Brief Summary: The main objective of EviRed project is to develop and validate a system assisting the ophthalmologist by improving prediction of evolution, and decision making during diabetic retinopathy (DR) follow-up. It will replace the current classification of diabetic retinopathy (DR) which provides an insufficient prediction precision. It will use modern available fundus imaging devices and artificial intelligence (AI) to properly integrate the amount of data they provide with other medical data of the patient. A cohort of 5000 diabetic patients will be recruited and followed for an average of 2 years in order to collect data to train and validate the new prediction system.

Study Type

  • Study Type: Observational
  • Study Design
    • Time Perspective: Prospective
  • Study Primary Completion Date: May 21, 2024

Detailed Description

A cohort of 5,000 diabetic patients with different stages of DR will be recruited and followed for an average of 2 years. Each year, general data as well as ophthalmological data will be collected. Retinal images and videos of both eyes will be acquired using different imaging modalities including ultrawidefield photography, OCT and OCT angiography. The EviRed cohort will be split in two groups: one group of 1,000 patients (validation cohort) will be randomly selected during the inclusion period by unbalanced draw to be representative of the general diabetic population. Their data will be used for the validation of the algorithms. The data of the remaining 4,000 patients (training cohort) will be used to train the algorithms.
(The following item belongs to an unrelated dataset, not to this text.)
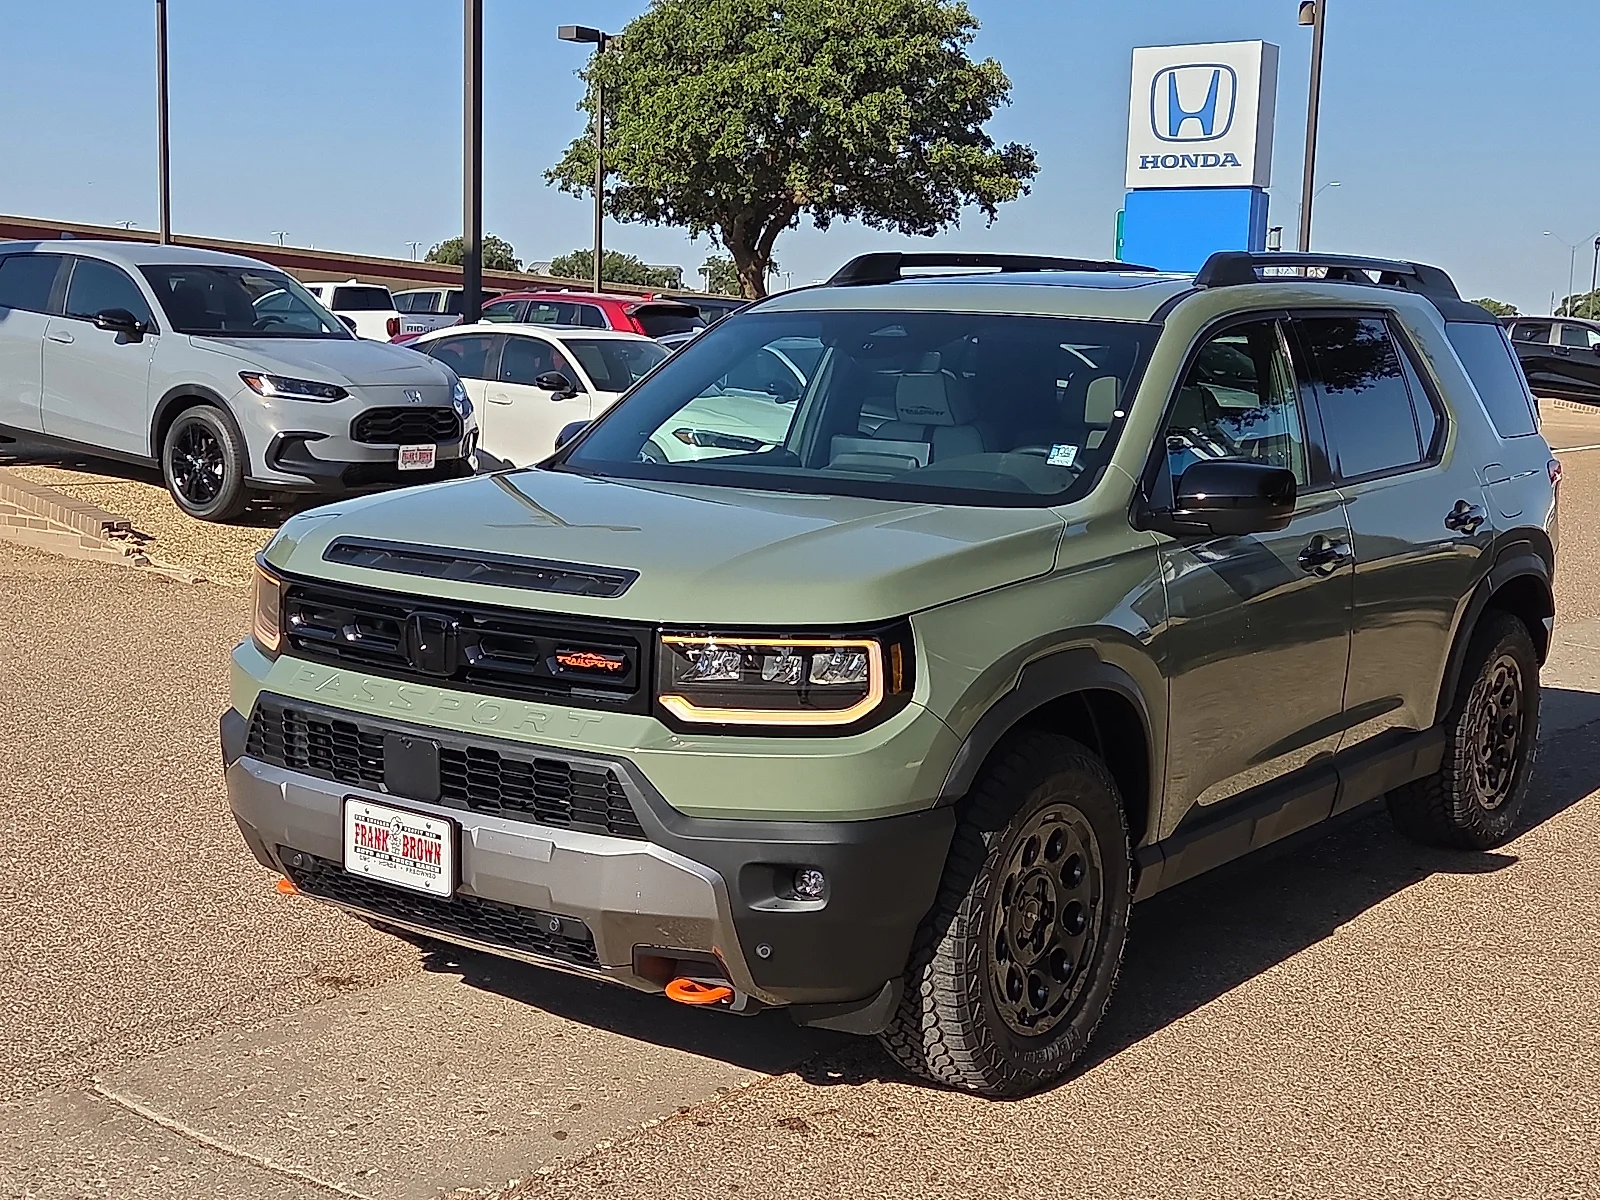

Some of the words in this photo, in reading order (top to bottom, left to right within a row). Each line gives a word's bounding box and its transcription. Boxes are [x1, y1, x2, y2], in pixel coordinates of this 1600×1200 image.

The main objective will be the validation of the prognostic tool and evaluate how accurately the algorithm can predict progression to severe retinopathy in the following year. Secondary objectives will be to evaluate how accurately the algorithm can assess DR severity and individual components of DR complications as well as to compare prediction by algorithm to that made by ophthalmologists based on the current DR classification

Clinical Trial Outcome Measures

Primary Measures

  • Progression to severe retinopathy
    • Time Frame: month 12
    • Progression towards severe diabetic retinopathy form.

Secondary Measures

  • Algorithm performance
    • Time Frame: 3 years
    • Algorithms will be evaluated by comparing the algorithm performance to automatically assess diabetic retinopathy severity as well as individual components of severe retinopathy against the same grading made by human graders.
  • Comparison of algorithms prediction to human prediction.
    • Time Frame: 3 years
    • at each patient’s visit of the validation cohort, ophthalmologists will evaluate the risk of DR progression based on the current DR classification and their clinical experience. The risk of DR will be expressed by the clinician as a continuous variable (its estimated probability of progression) or as a semi-quantitative variable. Performance of the human prediction will be compared to the algorithm using sensitivity, specificity and AUC.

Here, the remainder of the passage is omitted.